§ ASSIGNED TASK:
Please return every record exactly as written, leaving out the pictures.

===== SUPPLIED INFORMATION =====

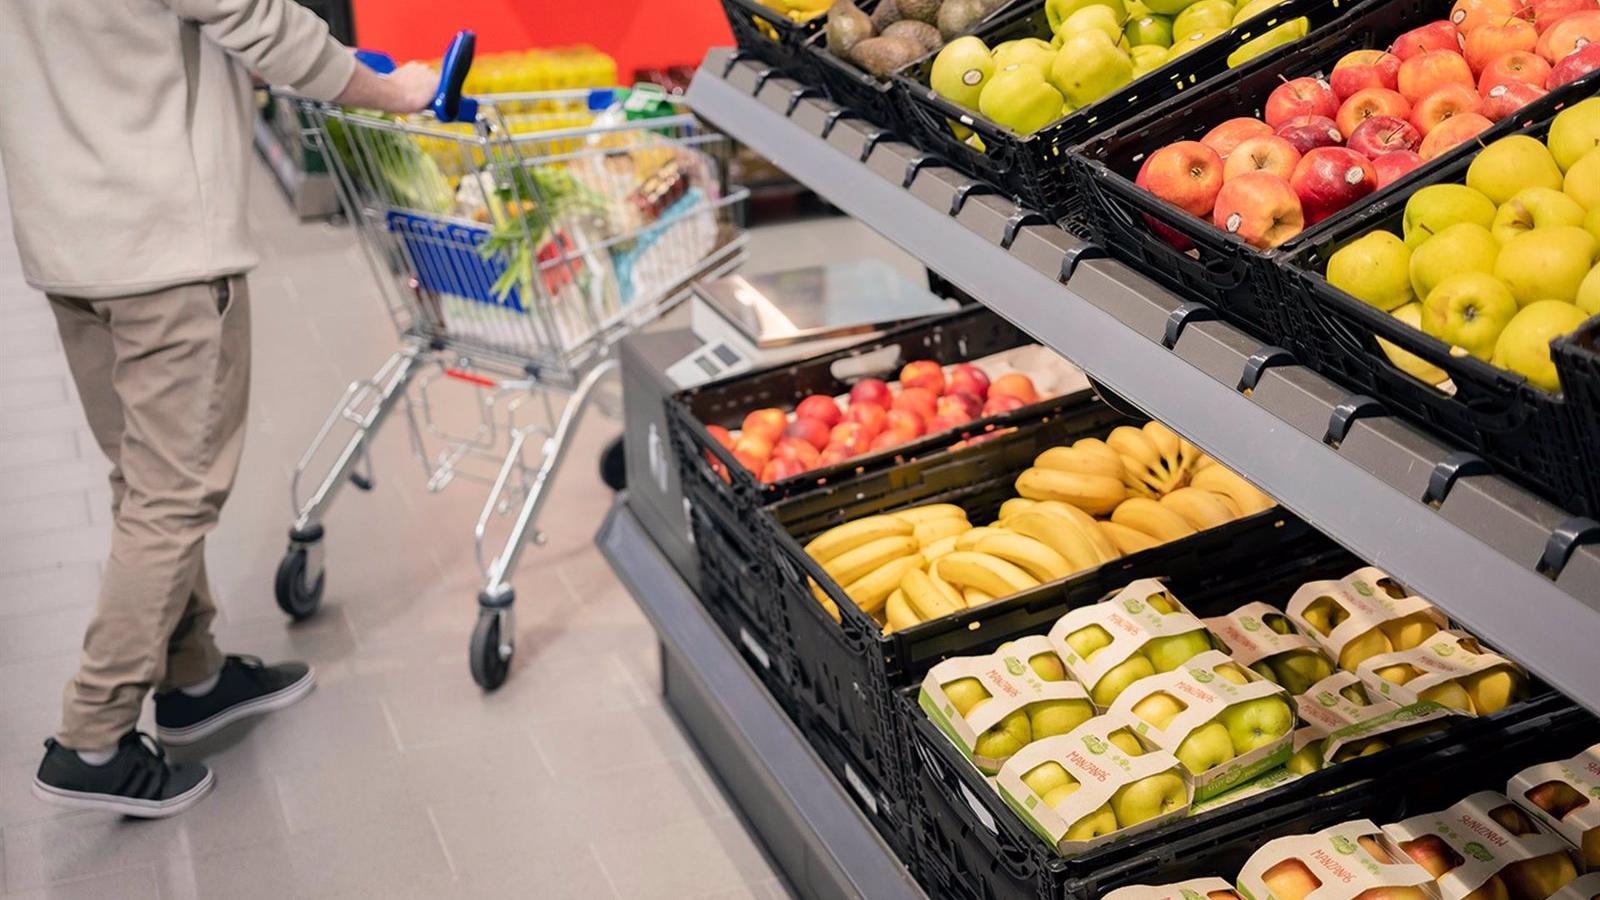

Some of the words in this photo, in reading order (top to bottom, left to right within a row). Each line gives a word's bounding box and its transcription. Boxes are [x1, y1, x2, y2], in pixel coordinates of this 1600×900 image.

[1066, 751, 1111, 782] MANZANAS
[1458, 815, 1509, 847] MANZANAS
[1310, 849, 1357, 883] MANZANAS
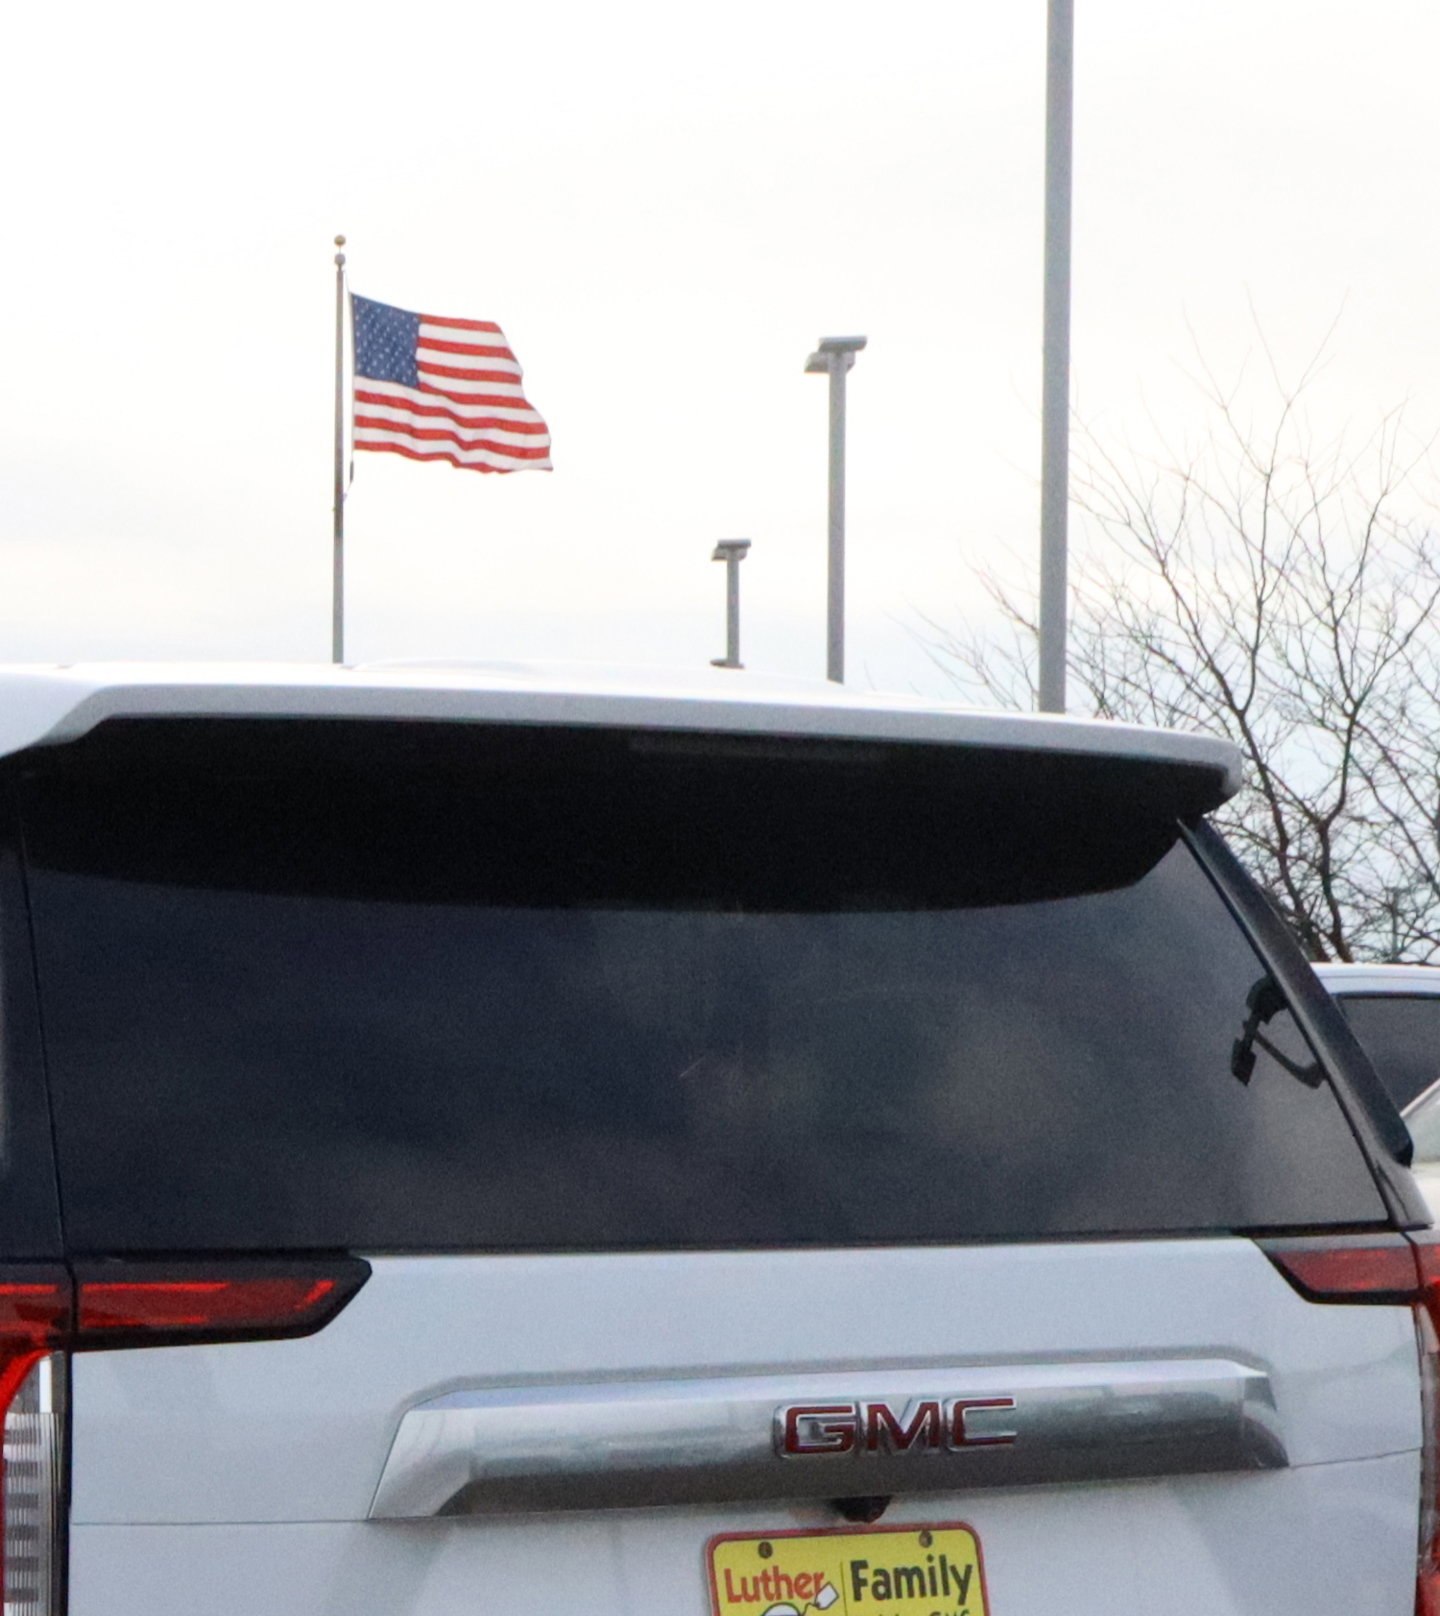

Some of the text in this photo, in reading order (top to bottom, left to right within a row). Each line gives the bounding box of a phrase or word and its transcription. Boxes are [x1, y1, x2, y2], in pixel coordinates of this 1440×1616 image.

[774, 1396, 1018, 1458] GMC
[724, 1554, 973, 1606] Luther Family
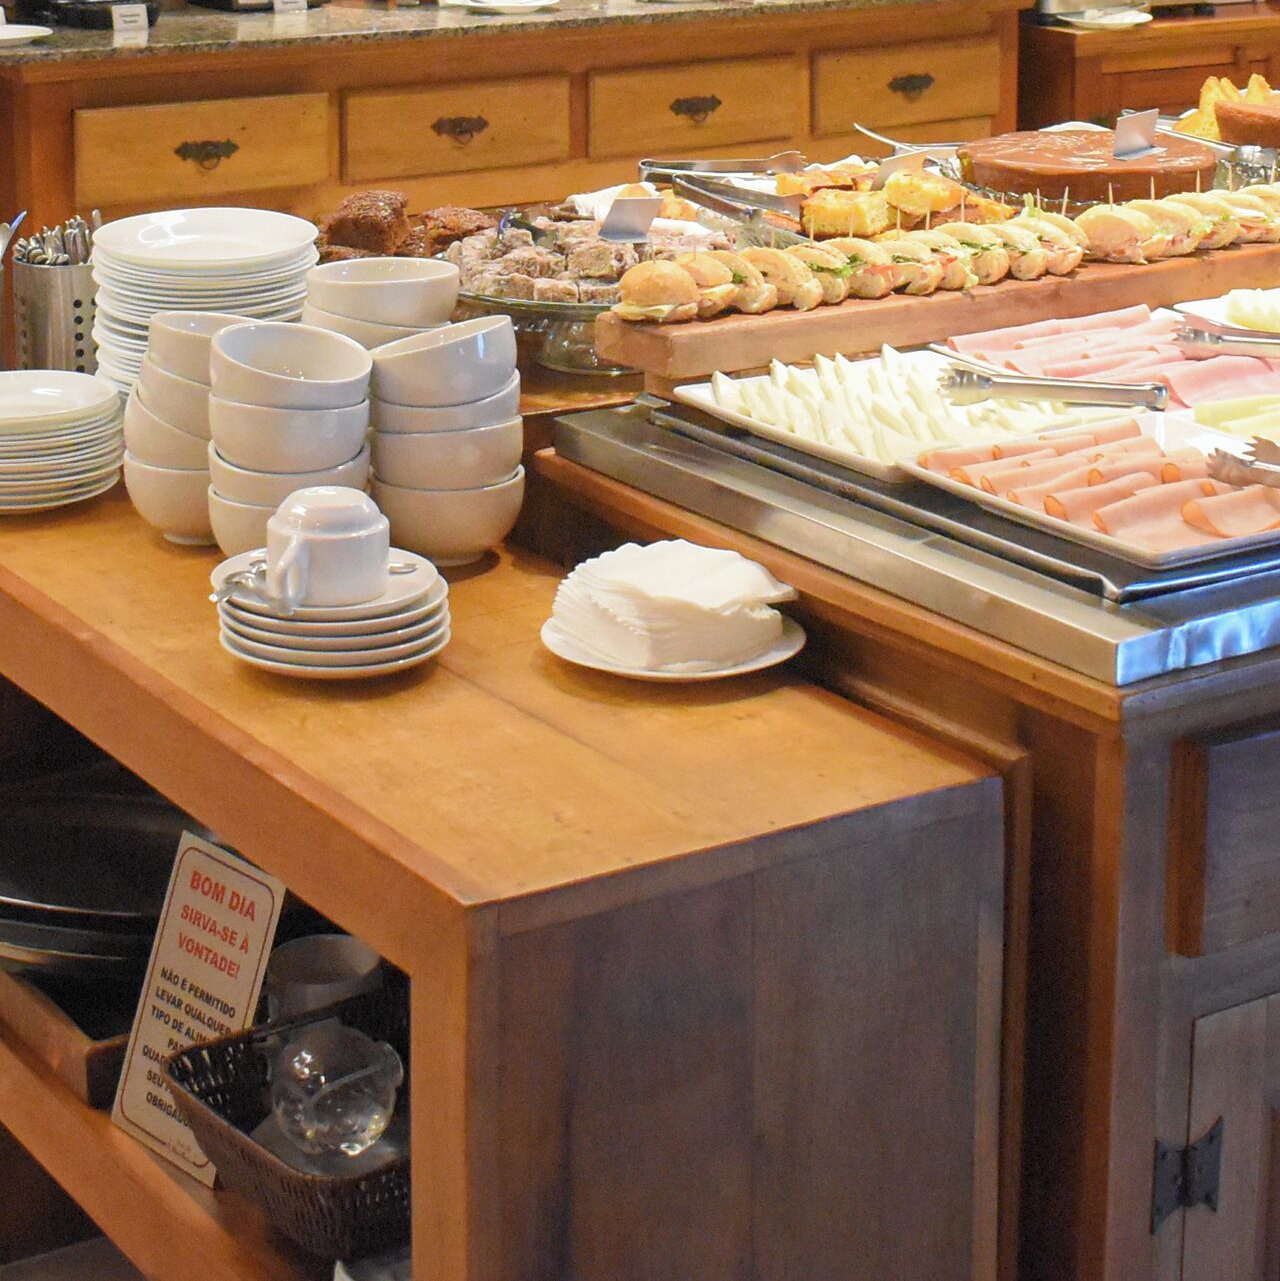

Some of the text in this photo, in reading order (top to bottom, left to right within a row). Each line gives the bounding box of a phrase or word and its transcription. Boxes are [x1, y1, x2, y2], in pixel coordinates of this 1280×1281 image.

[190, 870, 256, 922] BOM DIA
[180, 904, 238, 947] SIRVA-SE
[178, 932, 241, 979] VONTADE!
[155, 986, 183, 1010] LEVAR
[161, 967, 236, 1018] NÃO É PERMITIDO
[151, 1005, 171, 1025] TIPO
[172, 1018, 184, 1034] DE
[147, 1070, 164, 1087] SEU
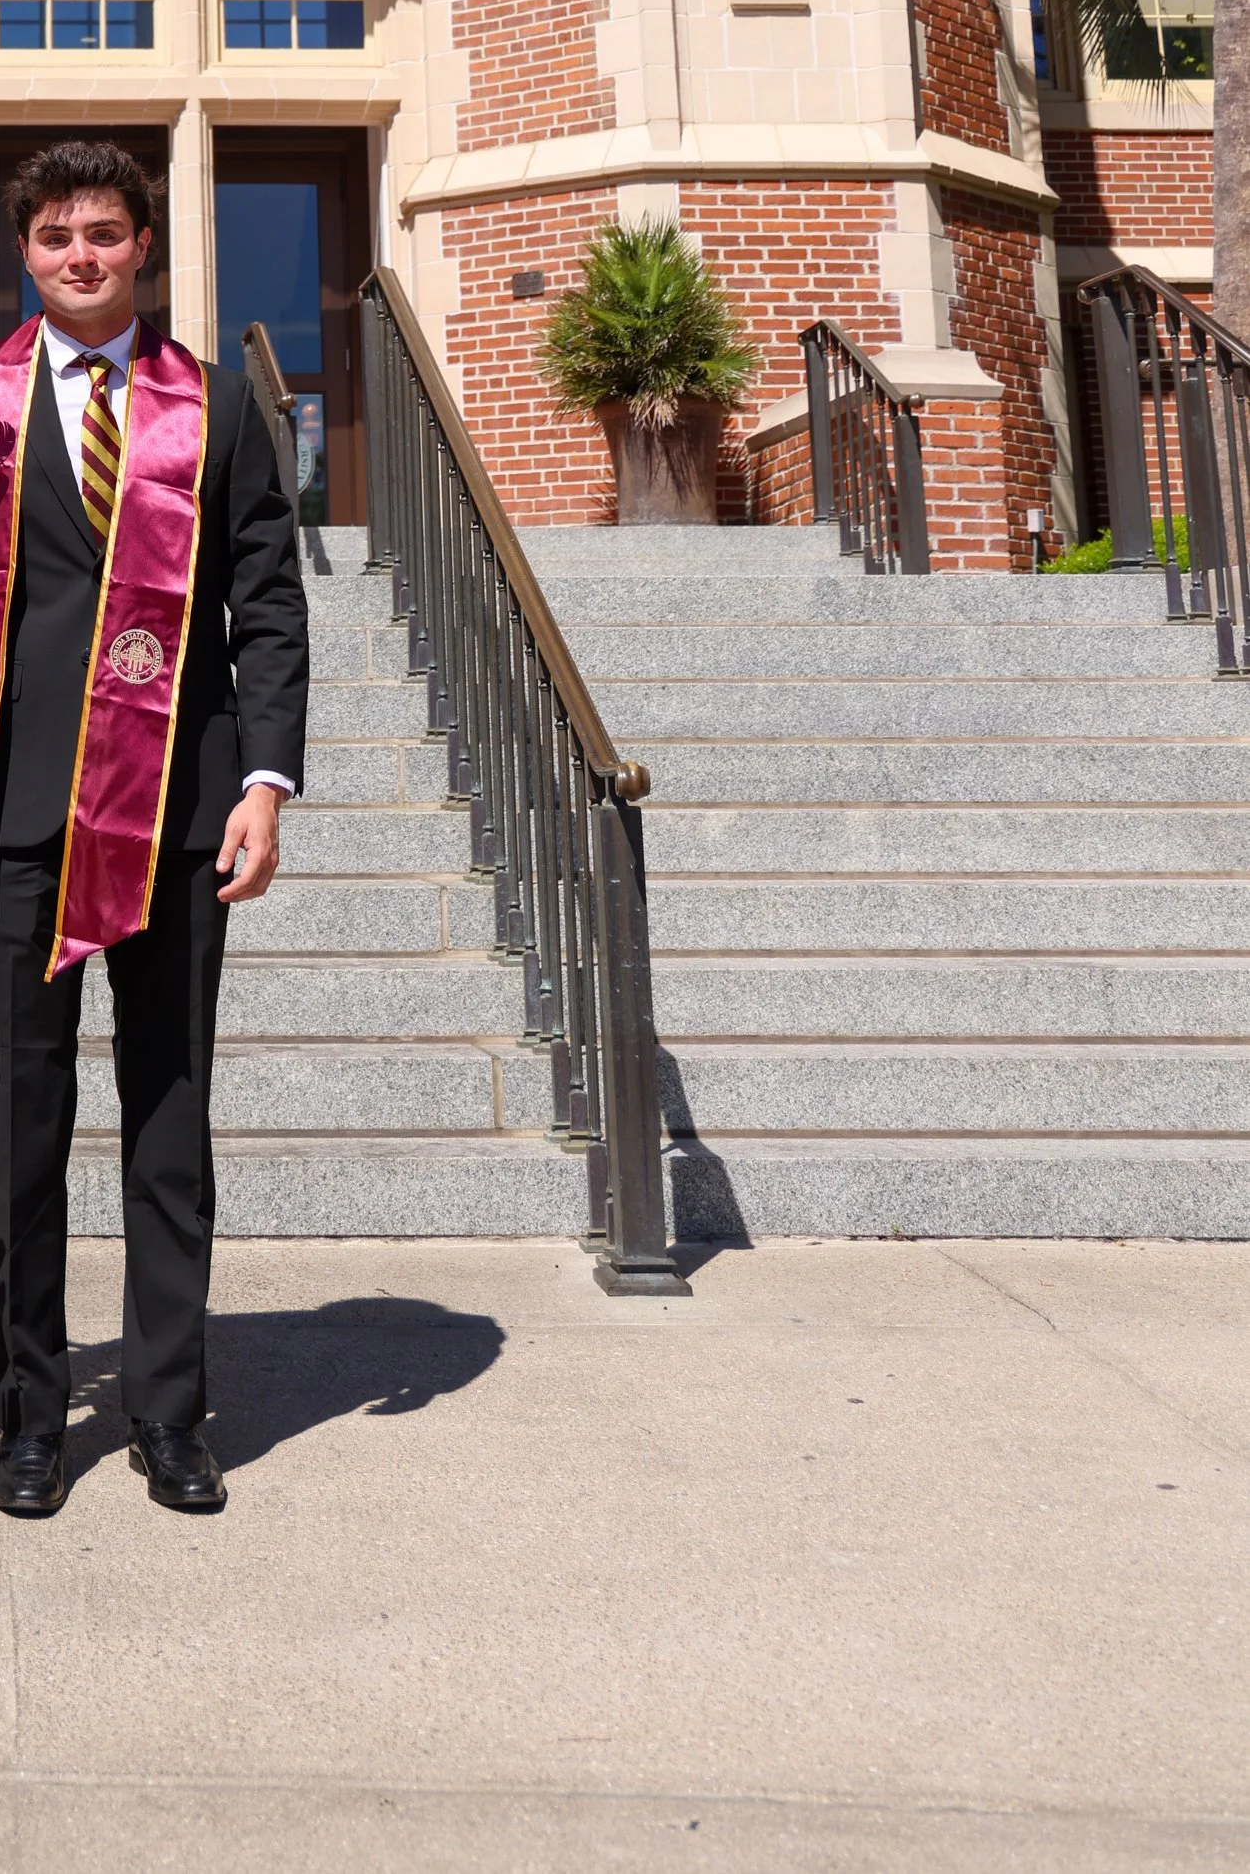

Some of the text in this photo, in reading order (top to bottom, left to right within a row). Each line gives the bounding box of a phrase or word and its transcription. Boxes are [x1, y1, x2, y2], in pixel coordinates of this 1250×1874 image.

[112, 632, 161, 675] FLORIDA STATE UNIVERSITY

=====

§ ANSWER TO THIS TASK:
Some of the words in this photo, in reading order (top to bottom, left to right within a row). Each line gives a word's bounding box and its transcription. Boxes are [x1, y1, x2, y2], in pixel coordinates of this 1600×900 image.

[1066, 751, 1111, 782] MANZANAS
[1458, 815, 1509, 847] MANZANAS
[1310, 849, 1357, 883] MANZANAS

Some of the text in this photo, in reading order (top to bottom, left to right within a row). Each line gives the bounding box of a phrase or word and its transcription. Boxes are [x1, y1, x2, y2], in pixel coordinates of this 1440×1616 image.

[774, 1396, 1018, 1458] GMC
[724, 1554, 973, 1606] Luther Family

Some of the text in this photo, in reading order (top to bottom, left to right within a row). Each line gives the bounding box of a phrase or word and its transcription. Boxes are [x1, y1, x2, y2], in pixel coordinates of this 1280×1281 image.

[190, 870, 256, 922] BOM DIA
[180, 904, 238, 947] SIRVA-SE
[178, 932, 241, 979] VONTADE!
[155, 986, 183, 1010] LEVAR
[161, 967, 236, 1018] NÃO É PERMITIDO
[151, 1005, 171, 1025] TIPO
[172, 1018, 184, 1034] DE
[147, 1070, 164, 1087] SEU

Some of the text in this photo, in reading order (top to bottom, left to right within a row). Each line gives the bounding box of a phrase or word and its transcription. Boxes are [x1, y1, x2, y2], in pixel coordinates of this 1250×1874 image.

[112, 632, 161, 675] FLORIDA STATE UNIVERSITY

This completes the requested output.